Штаб наш остановился в доме, на дверях которого блестела никелевая дощечка с красивой надписью: «Chiel Goldman». Почему-то в этой квартире уцелели все зеркала, умывальники, посуда, столы и стулья. На чердаках висели нетронутые замки. Но не успели мы расставить наши койки, как узнали от денщиков, что повар наш, вертлявый и плутоватый Юрецкий, уже обшарил все чердаки, разыскал там шубу, два костюма, английское седло и даже сбыл все это кому-то по сходной цене. Я попробовал было обратиться к Юрецкому с увещеваниями.

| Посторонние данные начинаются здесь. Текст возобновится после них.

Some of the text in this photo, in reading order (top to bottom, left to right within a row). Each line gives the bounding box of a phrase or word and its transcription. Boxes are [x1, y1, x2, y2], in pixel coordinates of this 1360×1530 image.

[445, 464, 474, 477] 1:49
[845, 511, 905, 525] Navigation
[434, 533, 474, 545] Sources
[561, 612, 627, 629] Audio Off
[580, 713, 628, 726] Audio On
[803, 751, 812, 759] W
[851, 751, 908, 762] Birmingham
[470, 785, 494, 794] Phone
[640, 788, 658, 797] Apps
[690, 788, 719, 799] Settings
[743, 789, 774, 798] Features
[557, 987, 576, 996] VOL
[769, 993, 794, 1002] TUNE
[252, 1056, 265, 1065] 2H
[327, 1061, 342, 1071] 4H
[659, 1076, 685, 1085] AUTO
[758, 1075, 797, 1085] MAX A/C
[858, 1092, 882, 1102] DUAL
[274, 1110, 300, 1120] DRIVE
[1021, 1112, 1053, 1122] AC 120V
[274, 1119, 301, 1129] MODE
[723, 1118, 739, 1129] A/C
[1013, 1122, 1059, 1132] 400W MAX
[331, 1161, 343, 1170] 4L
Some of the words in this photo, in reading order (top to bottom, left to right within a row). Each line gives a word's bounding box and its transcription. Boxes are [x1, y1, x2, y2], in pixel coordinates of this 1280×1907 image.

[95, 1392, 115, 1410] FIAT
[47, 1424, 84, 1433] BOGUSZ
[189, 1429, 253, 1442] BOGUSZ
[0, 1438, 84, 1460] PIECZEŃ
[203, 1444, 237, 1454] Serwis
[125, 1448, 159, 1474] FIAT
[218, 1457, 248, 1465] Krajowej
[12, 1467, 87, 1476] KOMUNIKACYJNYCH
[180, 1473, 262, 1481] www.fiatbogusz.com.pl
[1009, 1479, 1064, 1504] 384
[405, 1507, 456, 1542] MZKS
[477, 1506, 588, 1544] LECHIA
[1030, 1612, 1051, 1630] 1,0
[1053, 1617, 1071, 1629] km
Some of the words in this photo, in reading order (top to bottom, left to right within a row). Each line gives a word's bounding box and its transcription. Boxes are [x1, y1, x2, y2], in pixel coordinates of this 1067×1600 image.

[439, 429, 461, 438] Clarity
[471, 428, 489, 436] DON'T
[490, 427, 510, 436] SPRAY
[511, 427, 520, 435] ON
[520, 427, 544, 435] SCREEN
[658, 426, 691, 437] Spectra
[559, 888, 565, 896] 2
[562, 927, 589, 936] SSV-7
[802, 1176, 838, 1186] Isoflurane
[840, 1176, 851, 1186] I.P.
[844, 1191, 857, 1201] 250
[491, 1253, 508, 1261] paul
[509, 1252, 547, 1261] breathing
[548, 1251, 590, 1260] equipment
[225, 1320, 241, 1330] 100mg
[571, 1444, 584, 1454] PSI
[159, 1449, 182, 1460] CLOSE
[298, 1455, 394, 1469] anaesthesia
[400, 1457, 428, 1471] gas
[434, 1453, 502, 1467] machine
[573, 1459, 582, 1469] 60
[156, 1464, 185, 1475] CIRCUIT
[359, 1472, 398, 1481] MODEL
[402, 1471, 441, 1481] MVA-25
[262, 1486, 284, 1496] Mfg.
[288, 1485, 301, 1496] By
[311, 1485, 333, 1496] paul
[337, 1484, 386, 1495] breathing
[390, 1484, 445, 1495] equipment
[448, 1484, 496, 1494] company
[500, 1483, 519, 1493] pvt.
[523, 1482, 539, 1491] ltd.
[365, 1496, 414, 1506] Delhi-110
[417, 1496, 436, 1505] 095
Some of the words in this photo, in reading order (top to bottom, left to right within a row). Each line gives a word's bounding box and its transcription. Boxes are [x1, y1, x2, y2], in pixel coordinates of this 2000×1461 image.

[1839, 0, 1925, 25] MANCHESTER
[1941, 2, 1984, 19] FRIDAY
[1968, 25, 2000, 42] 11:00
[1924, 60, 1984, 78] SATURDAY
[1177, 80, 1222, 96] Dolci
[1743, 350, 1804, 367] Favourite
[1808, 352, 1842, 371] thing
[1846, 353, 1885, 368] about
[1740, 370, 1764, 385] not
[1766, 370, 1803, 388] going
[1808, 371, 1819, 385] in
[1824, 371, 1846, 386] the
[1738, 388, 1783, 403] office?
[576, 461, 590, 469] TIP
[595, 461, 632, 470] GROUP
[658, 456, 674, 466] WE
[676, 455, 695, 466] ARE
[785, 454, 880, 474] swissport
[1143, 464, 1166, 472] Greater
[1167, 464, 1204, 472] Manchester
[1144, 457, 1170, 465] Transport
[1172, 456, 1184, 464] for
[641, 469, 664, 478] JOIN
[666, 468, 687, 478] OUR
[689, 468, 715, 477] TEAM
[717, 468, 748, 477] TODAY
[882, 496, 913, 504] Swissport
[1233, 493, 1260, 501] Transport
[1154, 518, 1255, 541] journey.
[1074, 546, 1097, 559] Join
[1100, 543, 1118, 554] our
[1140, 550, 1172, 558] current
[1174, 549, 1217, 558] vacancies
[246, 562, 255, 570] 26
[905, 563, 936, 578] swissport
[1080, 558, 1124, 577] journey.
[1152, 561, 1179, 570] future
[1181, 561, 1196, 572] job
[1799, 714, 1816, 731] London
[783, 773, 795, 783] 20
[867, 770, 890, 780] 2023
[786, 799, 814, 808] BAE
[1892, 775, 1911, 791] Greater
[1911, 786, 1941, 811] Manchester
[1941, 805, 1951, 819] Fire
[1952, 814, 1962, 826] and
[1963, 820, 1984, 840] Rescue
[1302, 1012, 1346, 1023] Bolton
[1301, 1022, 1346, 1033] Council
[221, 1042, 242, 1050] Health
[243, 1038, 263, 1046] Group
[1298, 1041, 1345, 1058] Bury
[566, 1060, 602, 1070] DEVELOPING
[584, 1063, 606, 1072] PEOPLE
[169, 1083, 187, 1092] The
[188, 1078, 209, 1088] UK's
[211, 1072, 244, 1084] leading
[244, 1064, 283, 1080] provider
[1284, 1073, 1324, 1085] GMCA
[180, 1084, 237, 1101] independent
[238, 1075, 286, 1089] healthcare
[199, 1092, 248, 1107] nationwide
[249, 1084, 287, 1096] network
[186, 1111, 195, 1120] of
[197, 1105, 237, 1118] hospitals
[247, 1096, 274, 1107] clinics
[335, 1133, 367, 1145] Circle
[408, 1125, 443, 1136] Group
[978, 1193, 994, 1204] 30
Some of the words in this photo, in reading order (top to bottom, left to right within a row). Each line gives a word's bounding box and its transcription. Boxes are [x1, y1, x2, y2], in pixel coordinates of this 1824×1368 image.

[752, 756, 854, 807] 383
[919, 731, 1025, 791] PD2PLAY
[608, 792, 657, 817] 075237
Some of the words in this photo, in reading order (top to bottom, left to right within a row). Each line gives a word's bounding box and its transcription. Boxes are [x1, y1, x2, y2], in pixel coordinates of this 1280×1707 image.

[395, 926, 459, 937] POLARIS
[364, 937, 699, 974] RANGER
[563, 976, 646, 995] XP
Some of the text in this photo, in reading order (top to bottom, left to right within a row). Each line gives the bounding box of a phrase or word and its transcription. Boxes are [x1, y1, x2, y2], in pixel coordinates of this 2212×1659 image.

— Все равно, — ответил он нагло, ест глазами, — другие возьмут... Здесь был еврейский погром.
— Почему ж не все дома разграблены?
— А это в которых икону евреи выставили.
— Куда же все жители девались?
— В синагогу попрятались. Ну и смеху!.. Обмотались белым рядном, только нос да уши торчат. Шепчутся, плачут... Что ни спроси — молчат как мёртвые... Только деньги суют...
— А деньги за что же?
— А кто их знает?.. Сухие, пейсатые, трясутся...
Плохо спалось мне этой ночью. Мешали все мысли скучные.
Рано утром вышел на заднее крылечко, заросшее плющом, и увидал, как из соседнего домика, который мы считали необитаемым, вышла старушка в одних чулках и, озираясь, спустилась в сад. Крадучись и волнуясь, она шла по ржавой осенней дорожке и остановилась совсем близко возле меня у большого бугра коричневых золотисто-рыжих листьев. Старая-престарая еврейка, жалкая и обмызганная, похожая на облезлую крысу. Она раза два пугливо осмотрелась по сторонам, пошарила рукой и, мне показалось, что-то спрятала в листьях.
— Что вы делаете? — вырвалось у меня по-польски. И я мгновенно почувствовал, как резко и некстати прозвучал мой вопрос.
— Ой, пане! — страстно и кратко вскрикнула еврейка и, глядя в глаза мне с безумным страхом и болью, прошептала умоляющим голосом: — Моя цурка, там моя цурка...
И я все понял.
А в полдень, когда мы уходили из Глогова и солдаты грузили на артиллерийские возы зеркала, подушки, стулья, ковры и всякую кухонную утварь, та же старушка металась от воза к возу и, рыдая, простирая к солдатам руки, захлёбываясь слезами, о чем-то громко молила их.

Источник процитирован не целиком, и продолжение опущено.